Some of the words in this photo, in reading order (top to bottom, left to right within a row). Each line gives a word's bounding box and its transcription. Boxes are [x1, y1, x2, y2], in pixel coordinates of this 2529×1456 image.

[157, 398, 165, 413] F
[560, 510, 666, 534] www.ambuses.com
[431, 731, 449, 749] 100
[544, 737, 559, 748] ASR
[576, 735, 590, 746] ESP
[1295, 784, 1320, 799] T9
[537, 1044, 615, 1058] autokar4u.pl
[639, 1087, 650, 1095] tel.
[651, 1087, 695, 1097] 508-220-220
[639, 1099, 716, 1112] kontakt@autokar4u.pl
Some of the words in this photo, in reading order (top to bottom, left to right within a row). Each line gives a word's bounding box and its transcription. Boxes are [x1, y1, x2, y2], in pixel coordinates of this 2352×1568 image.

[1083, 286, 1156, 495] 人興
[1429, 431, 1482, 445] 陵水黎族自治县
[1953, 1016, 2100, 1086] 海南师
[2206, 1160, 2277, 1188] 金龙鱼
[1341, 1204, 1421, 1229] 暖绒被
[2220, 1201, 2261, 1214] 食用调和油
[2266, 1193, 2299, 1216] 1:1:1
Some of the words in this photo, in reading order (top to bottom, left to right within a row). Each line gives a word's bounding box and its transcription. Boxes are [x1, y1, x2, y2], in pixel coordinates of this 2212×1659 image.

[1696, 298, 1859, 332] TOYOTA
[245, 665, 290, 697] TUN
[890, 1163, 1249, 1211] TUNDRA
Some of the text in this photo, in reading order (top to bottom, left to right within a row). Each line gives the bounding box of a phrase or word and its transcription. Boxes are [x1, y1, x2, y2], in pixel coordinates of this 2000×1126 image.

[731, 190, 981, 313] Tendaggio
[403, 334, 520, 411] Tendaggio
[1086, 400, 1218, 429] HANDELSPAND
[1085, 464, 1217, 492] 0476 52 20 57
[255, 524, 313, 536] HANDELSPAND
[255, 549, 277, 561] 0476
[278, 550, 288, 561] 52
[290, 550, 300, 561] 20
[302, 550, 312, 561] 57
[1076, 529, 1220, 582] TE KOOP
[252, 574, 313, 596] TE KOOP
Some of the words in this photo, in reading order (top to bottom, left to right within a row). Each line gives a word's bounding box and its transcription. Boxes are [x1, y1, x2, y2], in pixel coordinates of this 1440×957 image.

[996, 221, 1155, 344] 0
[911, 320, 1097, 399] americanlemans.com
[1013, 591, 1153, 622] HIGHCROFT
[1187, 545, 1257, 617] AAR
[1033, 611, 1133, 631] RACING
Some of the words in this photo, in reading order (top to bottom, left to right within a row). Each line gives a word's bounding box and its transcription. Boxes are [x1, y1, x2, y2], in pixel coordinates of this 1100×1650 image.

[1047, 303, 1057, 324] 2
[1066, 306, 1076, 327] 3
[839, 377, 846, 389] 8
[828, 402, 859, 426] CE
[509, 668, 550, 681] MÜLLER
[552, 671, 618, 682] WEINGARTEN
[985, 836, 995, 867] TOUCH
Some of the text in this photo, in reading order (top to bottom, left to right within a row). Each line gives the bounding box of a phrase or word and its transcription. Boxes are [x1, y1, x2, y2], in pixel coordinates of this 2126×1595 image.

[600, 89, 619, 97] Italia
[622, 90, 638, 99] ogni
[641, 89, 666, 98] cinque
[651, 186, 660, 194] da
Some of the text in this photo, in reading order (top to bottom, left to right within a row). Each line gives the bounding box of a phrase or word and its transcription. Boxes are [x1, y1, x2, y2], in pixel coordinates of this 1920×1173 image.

========

■ Problem to solve
Each record must be copied out exactly and in full.

■ Solution below
Some of the words in this photo, in reading order (top to bottom, left to right within a row). Each line gives a word's bounding box and its transcription. Boxes are [x1, y1, x2, y2], in pixel coordinates of this 2529×1456 image.

[157, 398, 165, 413] F
[560, 510, 666, 534] www.ambuses.com
[431, 731, 449, 749] 100
[544, 737, 559, 748] ASR
[576, 735, 590, 746] ESP
[1295, 784, 1320, 799] T9
[537, 1044, 615, 1058] autokar4u.pl
[639, 1087, 650, 1095] tel.
[651, 1087, 695, 1097] 508-220-220
[639, 1099, 716, 1112] kontakt@autokar4u.pl
Some of the words in this photo, in reading order (top to bottom, left to right within a row). Each line gives a word's bounding box and its transcription. Boxes are [x1, y1, x2, y2], in pixel coordinates of this 2352×1568 image.

[1083, 286, 1156, 495] 人興
[1429, 431, 1482, 445] 陵水黎族自治县
[1953, 1016, 2100, 1086] 海南师
[2206, 1160, 2277, 1188] 金龙鱼
[1341, 1204, 1421, 1229] 暖绒被
[2220, 1201, 2261, 1214] 食用调和油
[2266, 1193, 2299, 1216] 1:1:1
Some of the words in this photo, in reading order (top to bottom, left to right within a row). Each line gives a word's bounding box and its transcription. Boxes are [x1, y1, x2, y2], in pixel coordinates of this 2212×1659 image.

[1696, 298, 1859, 332] TOYOTA
[245, 665, 290, 697] TUN
[890, 1163, 1249, 1211] TUNDRA
Some of the text in this photo, in reading order (top to bottom, left to right within a row). Each line gives the bounding box of a phrase or word and its transcription. Boxes are [x1, y1, x2, y2], in pixel coordinates of this 2000×1126 image.

[731, 190, 981, 313] Tendaggio
[403, 334, 520, 411] Tendaggio
[1086, 400, 1218, 429] HANDELSPAND
[1085, 464, 1217, 492] 0476 52 20 57
[255, 524, 313, 536] HANDELSPAND
[255, 549, 277, 561] 0476
[278, 550, 288, 561] 52
[290, 550, 300, 561] 20
[302, 550, 312, 561] 57
[1076, 529, 1220, 582] TE KOOP
[252, 574, 313, 596] TE KOOP
Some of the words in this photo, in reading order (top to bottom, left to right within a row). Each line gives a word's bounding box and its transcription. Boxes are [x1, y1, x2, y2], in pixel coordinates of this 1440×957 image.

[996, 221, 1155, 344] 0
[911, 320, 1097, 399] americanlemans.com
[1013, 591, 1153, 622] HIGHCROFT
[1187, 545, 1257, 617] AAR
[1033, 611, 1133, 631] RACING
Some of the words in this photo, in reading order (top to bottom, left to right within a row). Each line gives a word's bounding box and its transcription. Boxes are [x1, y1, x2, y2], in pixel coordinates of this 1100×1650 image.

[1047, 303, 1057, 324] 2
[1066, 306, 1076, 327] 3
[839, 377, 846, 389] 8
[828, 402, 859, 426] CE
[509, 668, 550, 681] MÜLLER
[552, 671, 618, 682] WEINGARTEN
[985, 836, 995, 867] TOUCH
Some of the text in this photo, in reading order (top to bottom, left to right within a row). Each line gives the bounding box of a phrase or word and its transcription. Boxes are [x1, y1, x2, y2], in pixel coordinates of this 2126×1595 image.

[600, 89, 619, 97] Italia
[622, 90, 638, 99] ogni
[641, 89, 666, 98] cinque
[651, 186, 660, 194] da
Some of the text in this photo, in reading order (top to bottom, left to right within a row). Each line gives the bounding box of a phrase or word and its transcription. Boxes are [x1, y1, x2, y2], in pixel coordinates of this 1920×1173 image.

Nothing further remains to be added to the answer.